Un de mes problèmes avec les villes dites intelligentes est que toutes les discussions sont en fait des rêves qui promettent plus qu'ils ne peuvent tenir alors que nous sommes confrontés au désespoir de constater l'état des villes dans lesquelles nous vivons. Imaginez ce que peuvent penser les habitants du Caire auxquels on fait miroiter la perspective de Masdar (dans le désert d'Abu Dhabi) qui promet d’être neutre en terme de gaz carbonique et de ne dégager aucun déchet.

 

Mais, entre les mirages et les réalités il y a les projets – c'est un peu mieux que des rêves - des architectes et des urbanistes qui travaillent à l'amélioration de nos villes. Le site WebUrbanist.com "Magazine digital d'architecture urbaine, art, design, voyages et technologie" vient de leur consacrer un article stimulantJe trouve fascinant le fait qu'ils font tous le double pari de l'hyperdensité et de la « marchabilité » avec, pour faire bonne mesure, une touche de vert.

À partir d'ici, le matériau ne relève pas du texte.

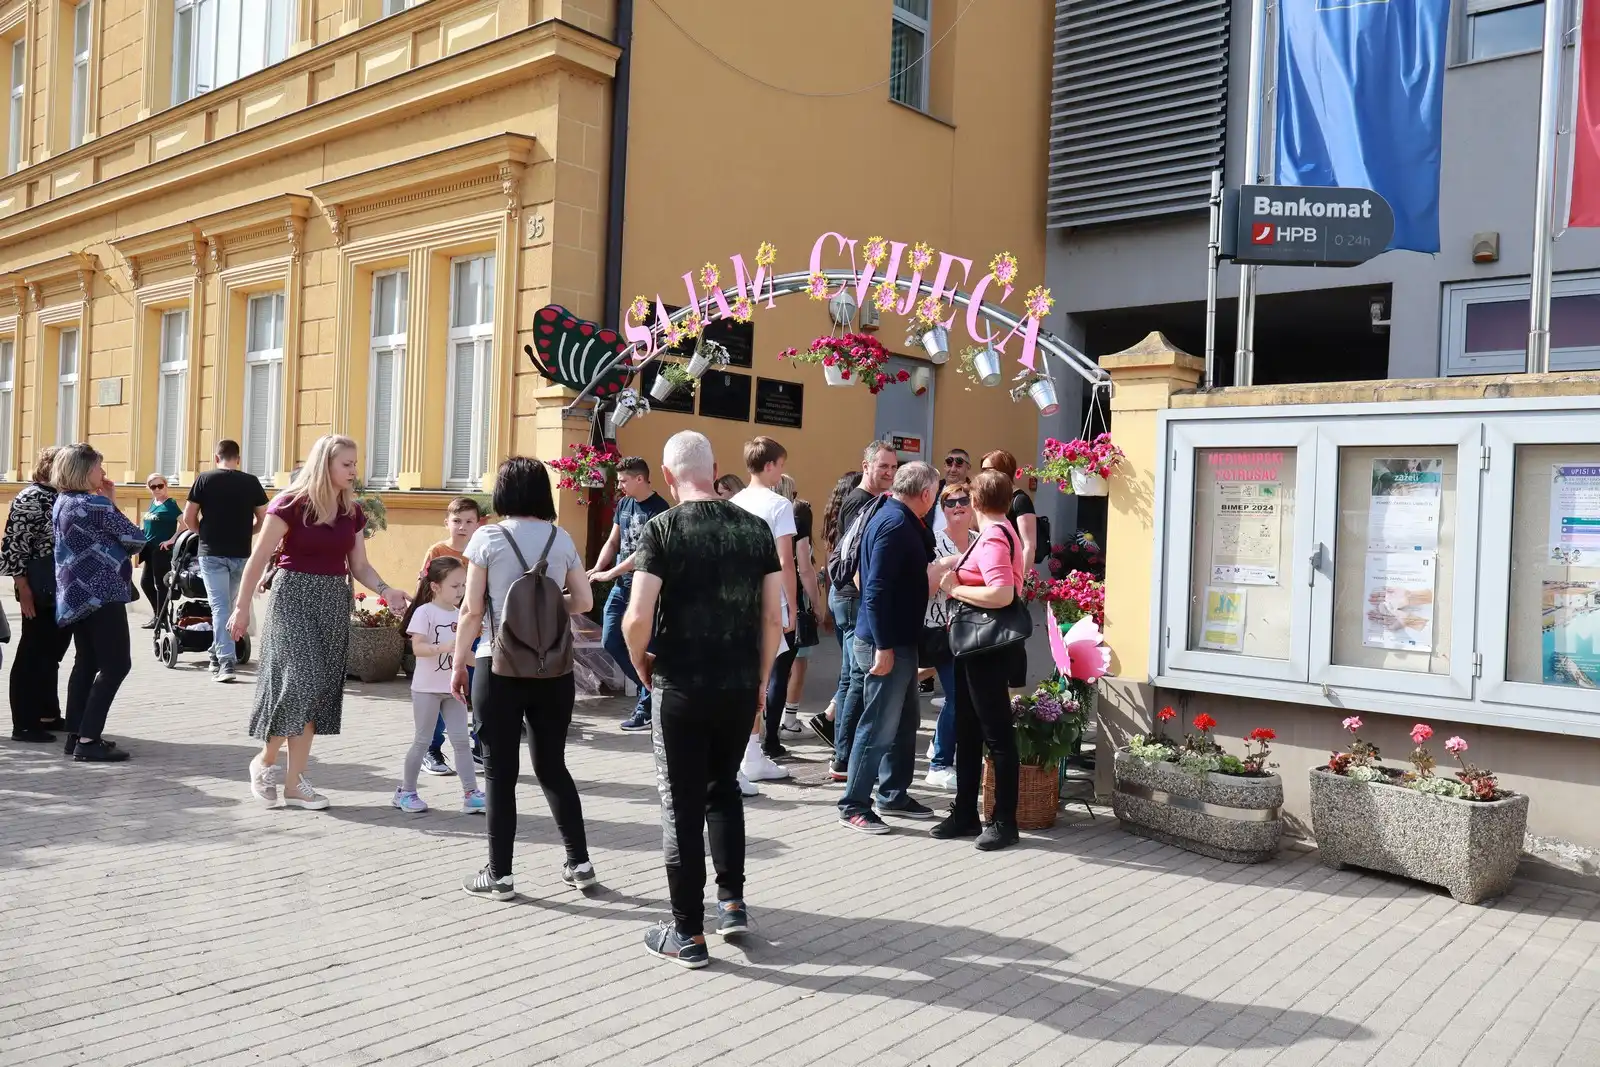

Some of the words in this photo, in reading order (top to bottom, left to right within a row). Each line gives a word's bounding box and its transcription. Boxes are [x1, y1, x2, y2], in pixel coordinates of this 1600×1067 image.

Quelques explications concernant ces concepts barbares…

 

L’hyperdensité caractérise les villes où la densité est suffisante pour que la construction d’un métro ait un sens (selon Vishaan Chakrabarti un professeur de l'Université de New York). Elle augmente à mesure que l’on construit plus de gratte-ciels et donne des agglomérations qui sont , « les moteurs économiques les plus efficaces, les plus durables dans leur respect de l’environnement et les plus susceptibles d’encourager un style de vie joyeux et sain ».

 

 

La « marchabilité » - walkability en anglais, mais le terme commence à être utilisé en français - est le degré de facilité avec lequel on peut tout faire à pied, près de chez soi. Il y a même des sites spécialisés dans cette mesure commeWalkScore.com. En tous cas, une étude suisse révèle que « les habitants marchent plus ou moins en fonction de la densité de la population ». J'ajoute que nous ne saurions oublier la « cyclabilité » qui gagne en acceptation.

 

 

Tout est donc censé changer quand on réunit hyperdensité, marchabilité et espaces verts dans des projets de villes nouvelles, comme le font les 14 projets recensés par WebUrbanist dont voici quelques exemples.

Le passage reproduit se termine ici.